**Records for the exercise:**
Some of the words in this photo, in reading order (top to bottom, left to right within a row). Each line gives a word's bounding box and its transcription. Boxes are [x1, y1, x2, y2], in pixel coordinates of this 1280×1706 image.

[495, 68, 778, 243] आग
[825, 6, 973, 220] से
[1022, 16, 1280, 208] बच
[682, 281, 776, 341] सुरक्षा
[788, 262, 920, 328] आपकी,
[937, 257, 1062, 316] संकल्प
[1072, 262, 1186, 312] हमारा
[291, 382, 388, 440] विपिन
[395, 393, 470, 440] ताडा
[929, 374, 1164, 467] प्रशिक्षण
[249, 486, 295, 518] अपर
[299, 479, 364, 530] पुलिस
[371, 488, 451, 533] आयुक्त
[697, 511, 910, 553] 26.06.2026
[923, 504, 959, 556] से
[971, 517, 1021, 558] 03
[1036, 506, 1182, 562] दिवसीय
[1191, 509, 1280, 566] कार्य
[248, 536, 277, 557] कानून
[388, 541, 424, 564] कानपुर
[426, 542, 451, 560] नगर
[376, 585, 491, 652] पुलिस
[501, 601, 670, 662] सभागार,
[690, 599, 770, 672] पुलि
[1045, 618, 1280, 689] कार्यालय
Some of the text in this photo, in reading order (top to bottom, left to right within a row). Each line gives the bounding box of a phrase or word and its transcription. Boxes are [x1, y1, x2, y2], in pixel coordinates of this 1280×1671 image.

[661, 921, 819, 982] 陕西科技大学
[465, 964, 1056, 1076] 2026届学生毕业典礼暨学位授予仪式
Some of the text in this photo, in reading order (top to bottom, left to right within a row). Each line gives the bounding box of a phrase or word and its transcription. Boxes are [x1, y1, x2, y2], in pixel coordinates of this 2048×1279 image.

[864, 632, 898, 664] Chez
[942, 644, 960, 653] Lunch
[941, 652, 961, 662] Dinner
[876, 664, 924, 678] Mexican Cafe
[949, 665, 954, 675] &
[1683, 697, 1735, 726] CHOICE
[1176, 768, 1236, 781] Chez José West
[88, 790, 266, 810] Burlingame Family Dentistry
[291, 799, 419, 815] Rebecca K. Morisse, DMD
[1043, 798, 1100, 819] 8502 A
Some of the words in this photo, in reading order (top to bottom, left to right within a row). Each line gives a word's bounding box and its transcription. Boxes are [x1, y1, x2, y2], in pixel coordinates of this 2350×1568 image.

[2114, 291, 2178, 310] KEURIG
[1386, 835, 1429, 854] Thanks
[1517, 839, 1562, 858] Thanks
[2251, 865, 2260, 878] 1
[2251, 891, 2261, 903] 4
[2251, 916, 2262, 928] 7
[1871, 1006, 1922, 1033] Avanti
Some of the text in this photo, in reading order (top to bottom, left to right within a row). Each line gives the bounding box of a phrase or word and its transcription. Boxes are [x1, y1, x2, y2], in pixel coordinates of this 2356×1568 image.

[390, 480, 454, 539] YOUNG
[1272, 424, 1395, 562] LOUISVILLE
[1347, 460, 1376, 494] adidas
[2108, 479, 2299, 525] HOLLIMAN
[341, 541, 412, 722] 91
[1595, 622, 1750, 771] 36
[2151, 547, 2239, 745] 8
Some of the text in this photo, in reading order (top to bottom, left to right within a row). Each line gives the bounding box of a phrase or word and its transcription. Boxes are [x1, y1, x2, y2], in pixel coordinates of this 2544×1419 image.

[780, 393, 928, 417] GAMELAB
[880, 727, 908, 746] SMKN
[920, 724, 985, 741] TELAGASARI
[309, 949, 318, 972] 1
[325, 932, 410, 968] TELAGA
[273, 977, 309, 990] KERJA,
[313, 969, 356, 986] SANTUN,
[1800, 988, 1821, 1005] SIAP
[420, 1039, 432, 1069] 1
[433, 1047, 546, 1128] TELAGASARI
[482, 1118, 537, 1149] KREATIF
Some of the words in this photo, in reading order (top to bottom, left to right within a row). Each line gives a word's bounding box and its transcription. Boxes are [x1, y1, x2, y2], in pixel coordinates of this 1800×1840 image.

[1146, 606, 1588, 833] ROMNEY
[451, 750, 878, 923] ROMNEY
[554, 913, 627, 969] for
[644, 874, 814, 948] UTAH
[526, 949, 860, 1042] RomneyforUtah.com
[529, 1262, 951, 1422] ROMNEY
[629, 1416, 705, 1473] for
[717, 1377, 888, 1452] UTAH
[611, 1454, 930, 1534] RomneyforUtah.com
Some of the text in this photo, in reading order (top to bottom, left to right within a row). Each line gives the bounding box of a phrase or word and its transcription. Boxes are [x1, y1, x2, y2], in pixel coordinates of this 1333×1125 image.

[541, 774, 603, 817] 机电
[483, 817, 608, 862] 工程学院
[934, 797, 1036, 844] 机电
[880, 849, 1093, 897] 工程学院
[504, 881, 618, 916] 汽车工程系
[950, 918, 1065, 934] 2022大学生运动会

**Brief:** Set down, word for word and with no other lines, the listing from the line marked by "this 2544×1419 image." through its final line.

**Answer to the exercise:**
Some of the text in this photo, in reading order (top to bottom, left to right within a row). Each line gives the bounding box of a phrase or word and its transcription. Boxes are [x1, y1, x2, y2], in pixel coordinates of this 2544×1419 image.

[780, 393, 928, 417] GAMELAB
[880, 727, 908, 746] SMKN
[920, 724, 985, 741] TELAGASARI
[309, 949, 318, 972] 1
[325, 932, 410, 968] TELAGA
[273, 977, 309, 990] KERJA,
[313, 969, 356, 986] SANTUN,
[1800, 988, 1821, 1005] SIAP
[420, 1039, 432, 1069] 1
[433, 1047, 546, 1128] TELAGASARI
[482, 1118, 537, 1149] KREATIF
Some of the words in this photo, in reading order (top to bottom, left to right within a row). Each line gives a word's bounding box and its transcription. Boxes are [x1, y1, x2, y2], in pixel coordinates of this 1800×1840 image.

[1146, 606, 1588, 833] ROMNEY
[451, 750, 878, 923] ROMNEY
[554, 913, 627, 969] for
[644, 874, 814, 948] UTAH
[526, 949, 860, 1042] RomneyforUtah.com
[529, 1262, 951, 1422] ROMNEY
[629, 1416, 705, 1473] for
[717, 1377, 888, 1452] UTAH
[611, 1454, 930, 1534] RomneyforUtah.com
Some of the text in this photo, in reading order (top to bottom, left to right within a row). Each line gives the bounding box of a phrase or word and its transcription. Boxes are [x1, y1, x2, y2], in pixel coordinates of this 1333×1125 image.

[541, 774, 603, 817] 机电
[483, 817, 608, 862] 工程学院
[934, 797, 1036, 844] 机电
[880, 849, 1093, 897] 工程学院
[504, 881, 618, 916] 汽车工程系
[950, 918, 1065, 934] 2022大学生运动会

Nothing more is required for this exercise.